Line by line, copy the records below exactly and leave the pictures out.

Dataset records -
--- START ---
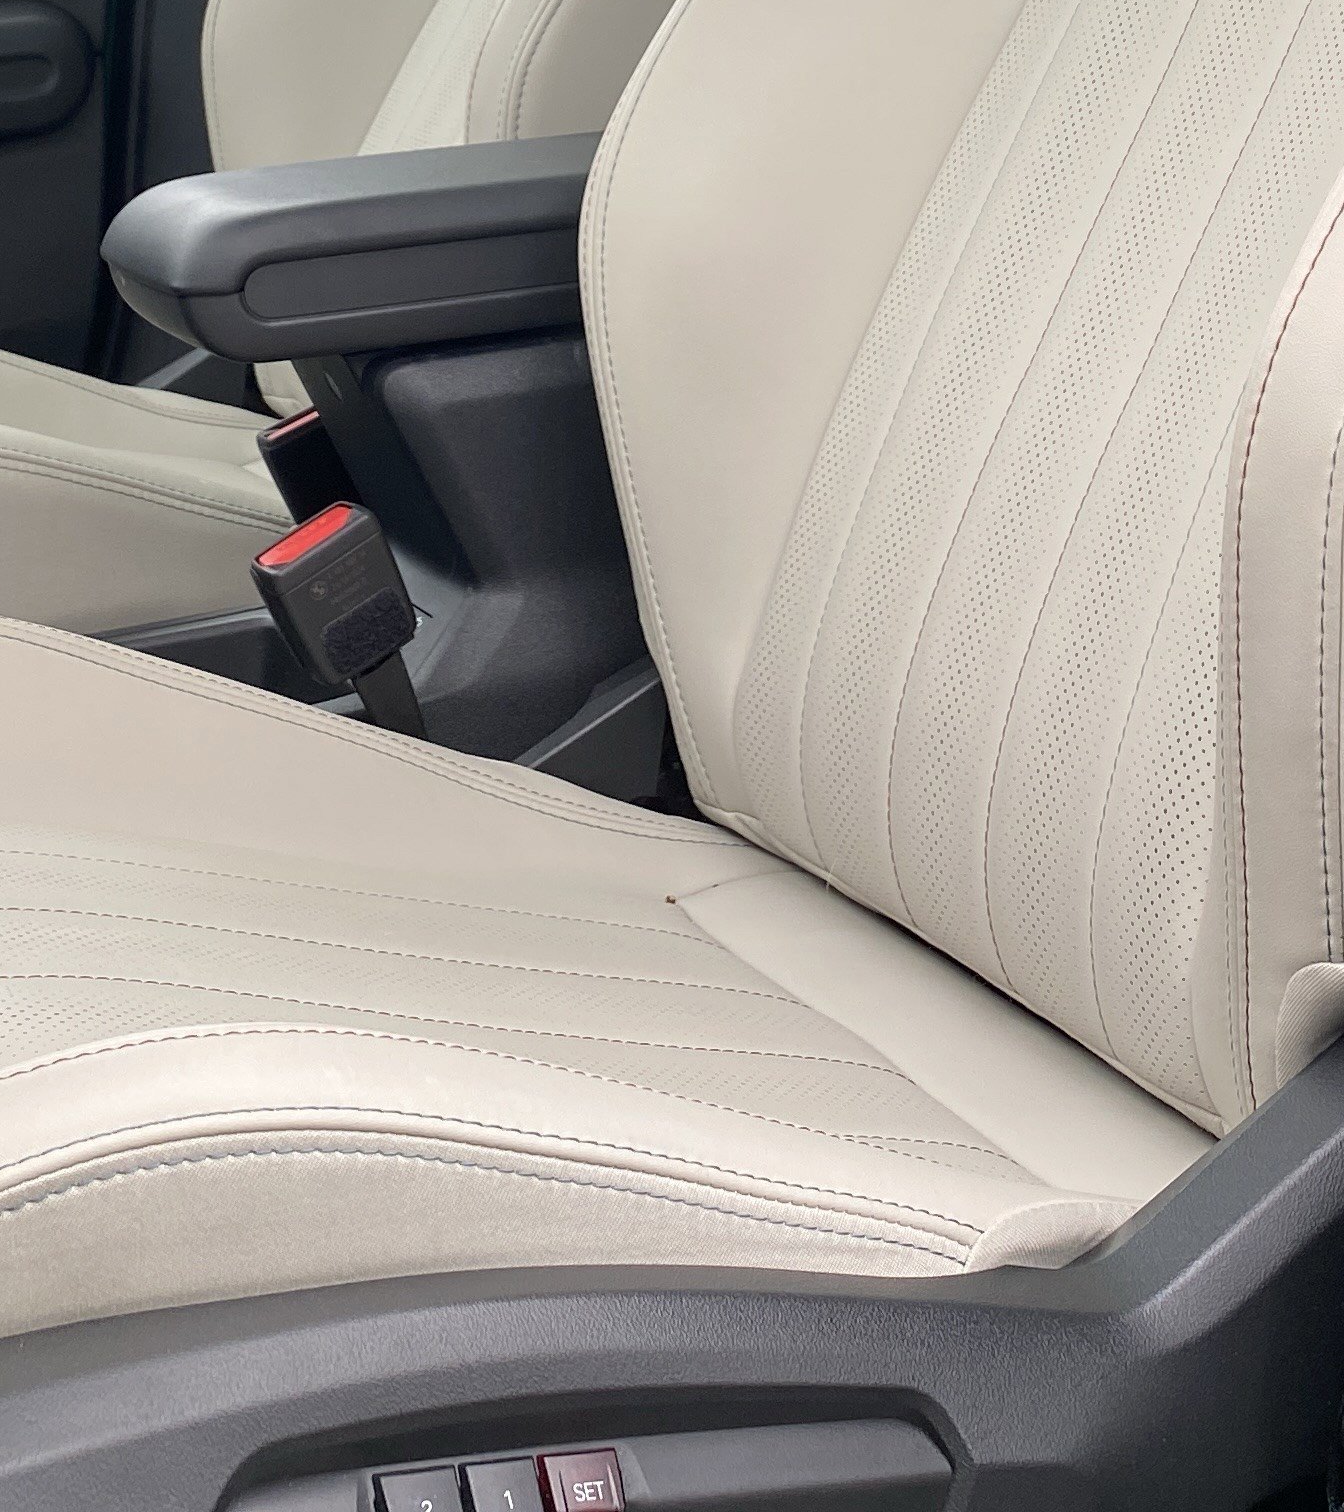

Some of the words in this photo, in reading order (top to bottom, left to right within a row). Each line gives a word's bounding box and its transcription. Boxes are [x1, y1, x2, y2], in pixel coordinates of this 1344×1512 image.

[503, 1489, 514, 1510] 1
[572, 1480, 604, 1502] SET
[420, 1499, 433, 1512] 2
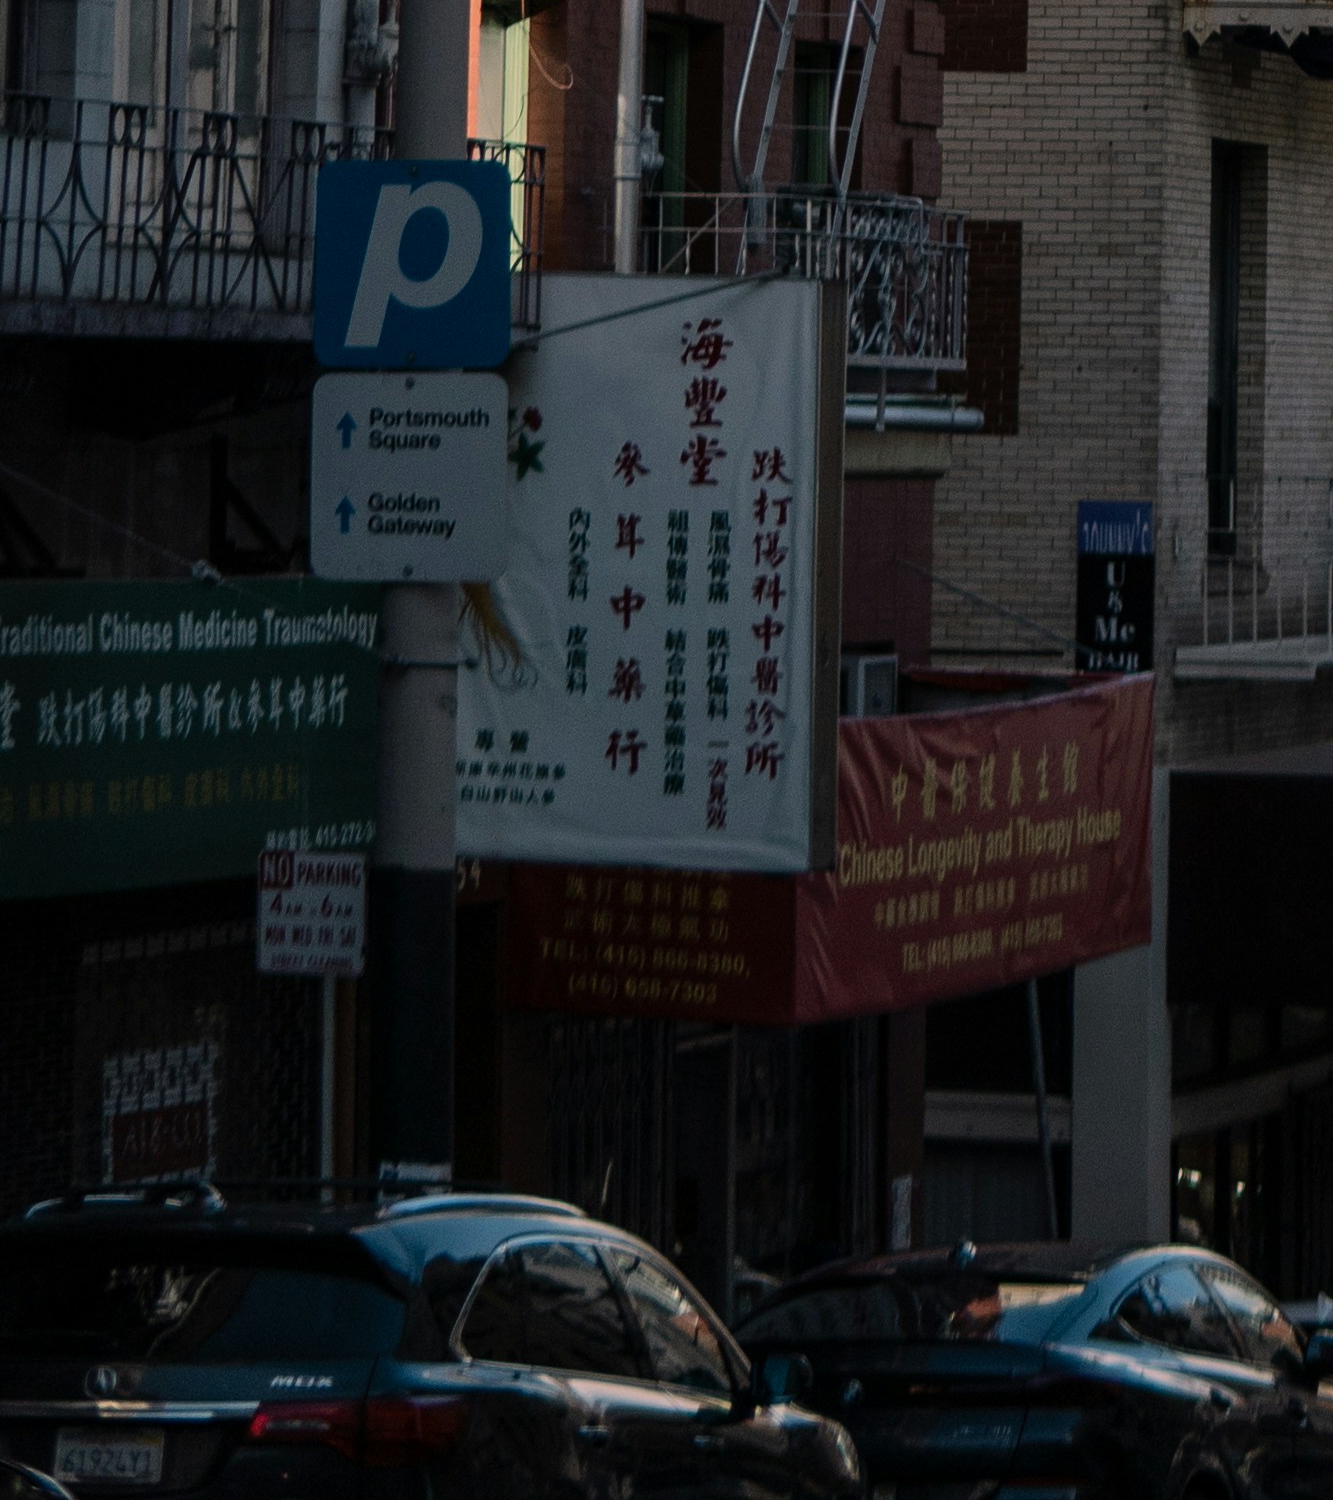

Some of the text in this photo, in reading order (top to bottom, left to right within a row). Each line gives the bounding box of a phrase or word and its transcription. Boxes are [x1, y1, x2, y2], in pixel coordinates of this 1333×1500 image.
--- END ---
Your solution -
Some of the words in this photo, in reading order (top to bottom, left to right within a row). Each line gives a word's bounding box and its transcription. Boxes are [x1, y1, x2, y2], in pixel coordinates of this 1344×1512 image.

[503, 1489, 514, 1510] 1
[572, 1480, 604, 1502] SET
[420, 1499, 433, 1512] 2

Some of the text in this photo, in reading order (top to bottom, left to right within a row). Each line gives the bounding box of a phrase or word and its transcription. Boxes are [x1, y1, x2, y2], in pixel coordinates of this 1333×1500 image.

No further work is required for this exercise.